Zenfolio | Michel Forest | 23. San Diego, la côte

Vendredi 17 juin:  Nous devions quitter San Diego ce matin, mais étant donné que c'est la fin de semaine qui s'en vient et que nous risquons d'avoir de la difficulté à trouver des campings disponibles, nous prolongeons notre séjour jusqu'à lundi matin. Toutefois, le site sur lequel nous sommes n'est pas disponible, nous devons donc déménager. Nous en profitons pour prendre une petite journée relaxe. On déménage, on se réinstalle puis on farniente au camping. Congé d'auto (sauf pour aller faire une épicerie), congé de photos.

 

Samedi 18 juin: Nous aimons vivre dangereusement. Après les "severe thunder storm", les "dust storm", les "blowing dust area", nous nous dirigeons vers une région à risque de tremblements de terre et de tsunami . . . rien ne nous arrête.

 

Aujourd'hui, c'est la côte Pacifique qui nous attire. Nous nous rendons donc directement sur la côte à une soixantaine de kilomètres au nord de San Diego et nous prenons toutes les petites rues qui bordent l'océan. Nous commençons nos découvertes par une promenade sur le «Pier Oceanside» qui, avec ses 1942 pieds, est l'un des plus longs «Pier» en bois de la côte ouest américaine.

 

C'est samedi . . . il y a donc du monde, beaucoup de monde partout. D'autant plus qu'aujourd'hui, à Oceanside, c'est le départ d'une course cycliste qui traverse les Etats-Unis d'ouest en est. Ça donne un peu l'impression d'une organisation comme le Tour de France. Il y a plusieurs équipes cyclistes suivies par des équipes techniques en camions et en motorisés. La publicité annonce "la course cycliste la plus difficile, 3 000 milles, 6 jours, 24h sur 24h". À voir tous les motorisés qui accompagnent les coureurs, j'imagine qu'il y a des relais de coureurs et de techniciens dans les motorisés.

Mais ce qui est le plus intéressant, c'est de voir tous les pêcheurs installés seuls ou en famille sur le Pier pour taquiner le poisson.
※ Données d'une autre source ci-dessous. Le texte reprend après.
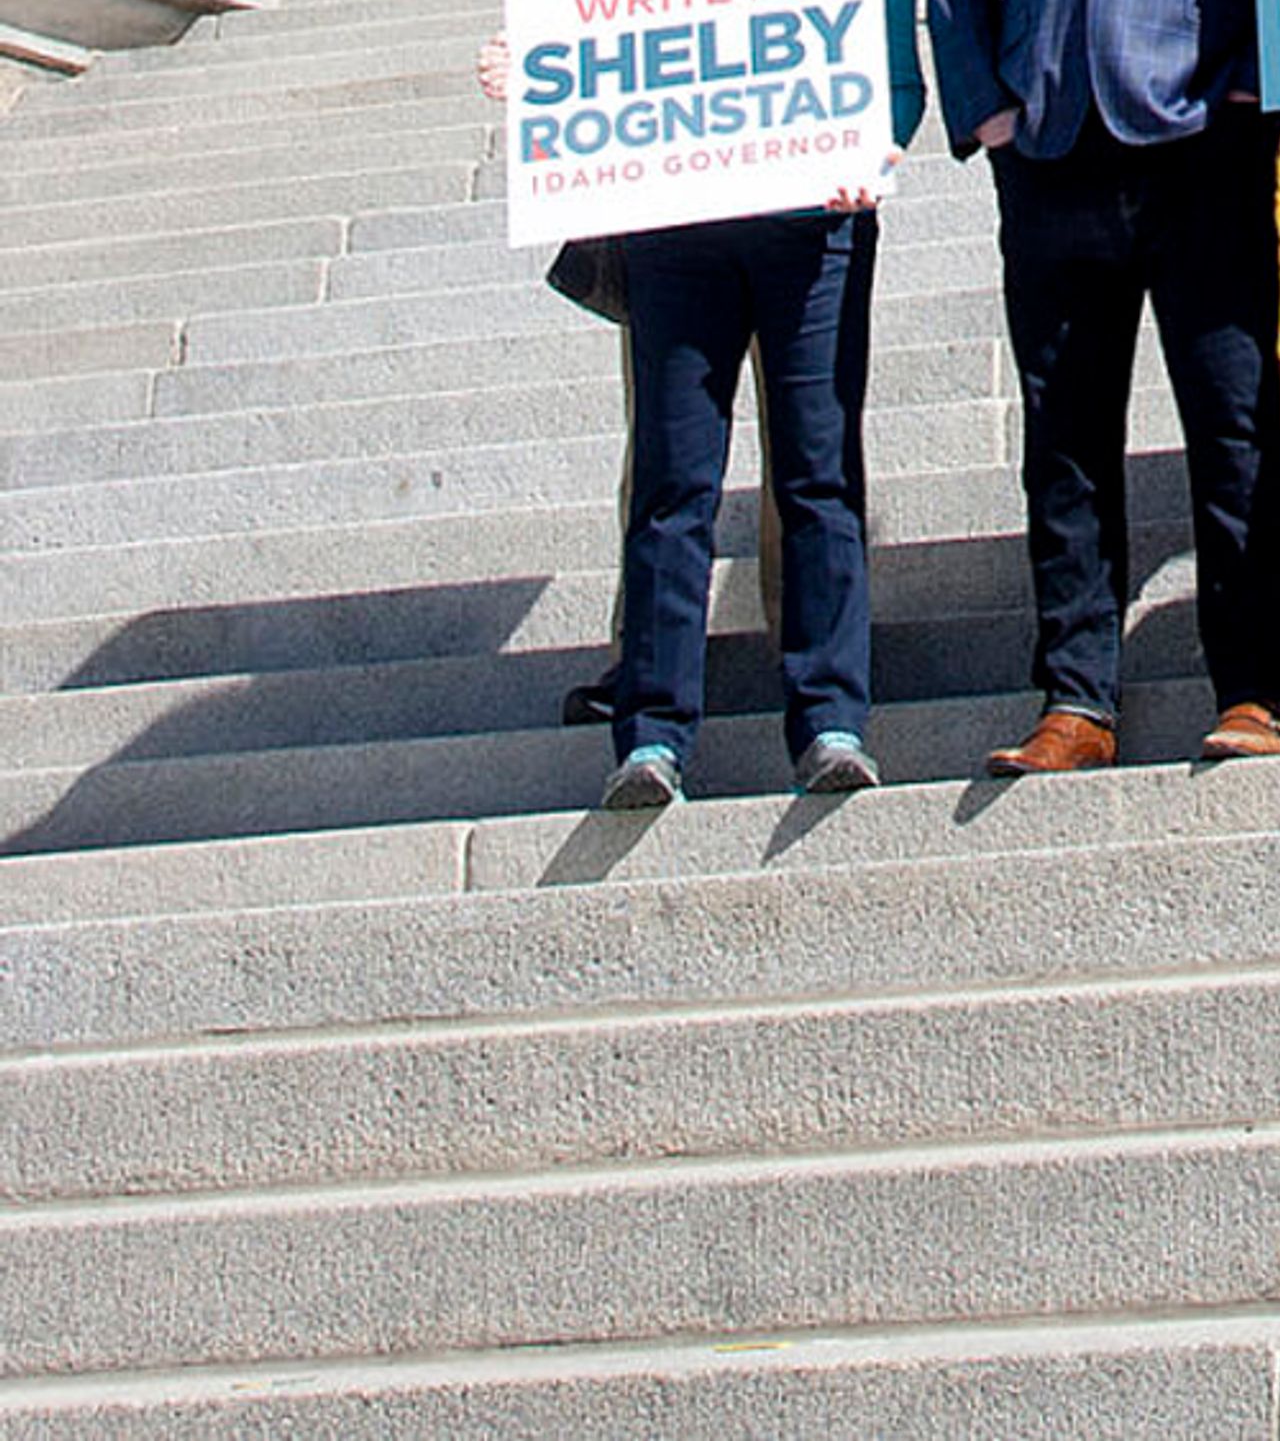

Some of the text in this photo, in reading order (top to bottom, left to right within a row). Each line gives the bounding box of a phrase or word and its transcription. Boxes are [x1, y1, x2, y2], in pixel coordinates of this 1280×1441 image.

Il y a une atmosphère relaxe où chacun semble tout simplement prendre plaisir à être là et à profiter du beau temps et à prendre du bon temps. Les prises sont belles et fréquentes, la plupart étant du maquereau.

 

 

Un des contrastes frappants en comparaison de la côte est, c'est l'absence quasi totale de gros hôtels qui envahissent le paysage côtier. C'est une côte accessible à tous. Il y a bien quelques îlots qui ne sont accessibles qu'aux riverains mais même là, il y a, à intervalles réguliers, des petits passages qui permettent un accès public à la mer. Ici, la mer appartient à tout le monde et pas seulement à ceux et celles qui peuvent se payer un séjour dans un hôtel luxueux disposant de sa plage privée ou résider dans un «resort» privé.

 

 

 

Le seul hôtel que nous avons repéré de toute la journée.

 

Il fallait absolument mettre les pieds dans l'eau du Pacifique. Dans bientôt un mois, nous ferons la même chose dans l'Atlantique . . . d'un océan à l'autre !

 

À certains endroits, la côte est assez escarpée comme ici, à Encinitas, où nous nous arrêtons pour casser la croute et prendre une petite heure à se remplir les poumons d'air marin. La fraîcheur du souffle de la mer contraste avec les 26°C de l'air ambiant. Il y a un peu de vent . . . ma blonde a son petit polar !

 

 

C'est fou le monde qui font des selfies. Selfie devant une statue, selfie devant un arbre, selfie devant un beau bâtiment, selfie devant un paysage, selfie avec son pitou. . . selfie devant à peu près n'importe quoi. Comme nous n'avons pas de cellulaire et de bâton à selfie, je tente le coup moi-aussi avec ma caméra. Voici le résultat de deux tentatives.

 

 

Ah oui, j'oubliais. Vous ne devinerez jamais qui j'ai revu tantôt . . . notre clandestin. Ça faisait plus d'une semaine et demie que nous ne l'avions pas revu. On le croyait mort quelque part en train de sécher ou tout simplement parti ailleurs lors d'un de nos arrêts. Ben non, il est encore là. Je l'ai affectueusement appelé "Les arts" parce qu'à chaque fois que je le vois, il est dans une position différente, dans un endroit différent, comme si, à chacune de nos rencontres, il essayait de m'impressionner en créant un décor nouveau.